What the task requires:
Give back the full listing that follows exactly as it reads.

--- Provided data Enclosed Below ---

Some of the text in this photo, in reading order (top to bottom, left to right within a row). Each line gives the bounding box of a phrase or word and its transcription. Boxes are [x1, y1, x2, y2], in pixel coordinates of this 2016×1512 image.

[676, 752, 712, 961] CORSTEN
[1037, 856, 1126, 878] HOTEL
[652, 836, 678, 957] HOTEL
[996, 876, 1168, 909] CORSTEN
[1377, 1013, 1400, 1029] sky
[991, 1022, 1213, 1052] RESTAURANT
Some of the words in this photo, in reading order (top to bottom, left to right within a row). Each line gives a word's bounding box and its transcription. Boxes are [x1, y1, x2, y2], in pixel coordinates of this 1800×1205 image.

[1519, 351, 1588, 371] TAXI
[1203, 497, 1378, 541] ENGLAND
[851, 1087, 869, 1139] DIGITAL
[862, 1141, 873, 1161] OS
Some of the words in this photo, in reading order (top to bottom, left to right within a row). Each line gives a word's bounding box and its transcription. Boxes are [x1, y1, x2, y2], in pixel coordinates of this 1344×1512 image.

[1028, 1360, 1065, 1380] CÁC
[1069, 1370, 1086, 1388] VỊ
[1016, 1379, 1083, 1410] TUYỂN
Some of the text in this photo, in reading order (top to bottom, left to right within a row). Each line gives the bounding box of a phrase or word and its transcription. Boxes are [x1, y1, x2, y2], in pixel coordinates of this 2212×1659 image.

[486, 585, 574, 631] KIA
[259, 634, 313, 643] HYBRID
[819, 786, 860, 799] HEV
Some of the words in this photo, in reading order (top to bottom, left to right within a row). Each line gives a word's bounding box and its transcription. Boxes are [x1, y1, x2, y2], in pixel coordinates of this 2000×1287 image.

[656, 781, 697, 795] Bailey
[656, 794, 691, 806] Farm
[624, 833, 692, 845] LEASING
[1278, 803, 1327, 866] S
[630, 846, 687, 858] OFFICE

--- End of Enclosed Provided data ---

Written solution:
Some of the text in this photo, in reading order (top to bottom, left to right within a row). Each line gives the bounding box of a phrase or word and its transcription. Boxes are [x1, y1, x2, y2], in pixel coordinates of this 2016×1512 image.

[676, 752, 712, 961] CORSTEN
[1037, 856, 1126, 878] HOTEL
[652, 836, 678, 957] HOTEL
[996, 876, 1168, 909] CORSTEN
[1377, 1013, 1400, 1029] sky
[991, 1022, 1213, 1052] RESTAURANT
Some of the words in this photo, in reading order (top to bottom, left to right within a row). Each line gives a word's bounding box and its transcription. Boxes are [x1, y1, x2, y2], in pixel coordinates of this 1800×1205 image.

[1519, 351, 1588, 371] TAXI
[1203, 497, 1378, 541] ENGLAND
[851, 1087, 869, 1139] DIGITAL
[862, 1141, 873, 1161] OS
Some of the words in this photo, in reading order (top to bottom, left to right within a row). Each line gives a word's bounding box and its transcription. Boxes are [x1, y1, x2, y2], in pixel coordinates of this 1344×1512 image.

[1028, 1360, 1065, 1380] CÁC
[1069, 1370, 1086, 1388] VỊ
[1016, 1379, 1083, 1410] TUYỂN
Some of the text in this photo, in reading order (top to bottom, left to right within a row). Each line gives the bounding box of a phrase or word and its transcription. Boxes are [x1, y1, x2, y2], in pixel coordinates of this 2212×1659 image.

[486, 585, 574, 631] KIA
[259, 634, 313, 643] HYBRID
[819, 786, 860, 799] HEV
Some of the words in this photo, in reading order (top to bottom, left to right within a row). Each line gives a word's bounding box and its transcription. Boxes are [x1, y1, x2, y2], in pixel coordinates of this 2000×1287 image.

[656, 781, 697, 795] Bailey
[656, 794, 691, 806] Farm
[624, 833, 692, 845] LEASING
[1278, 803, 1327, 866] S
[630, 846, 687, 858] OFFICE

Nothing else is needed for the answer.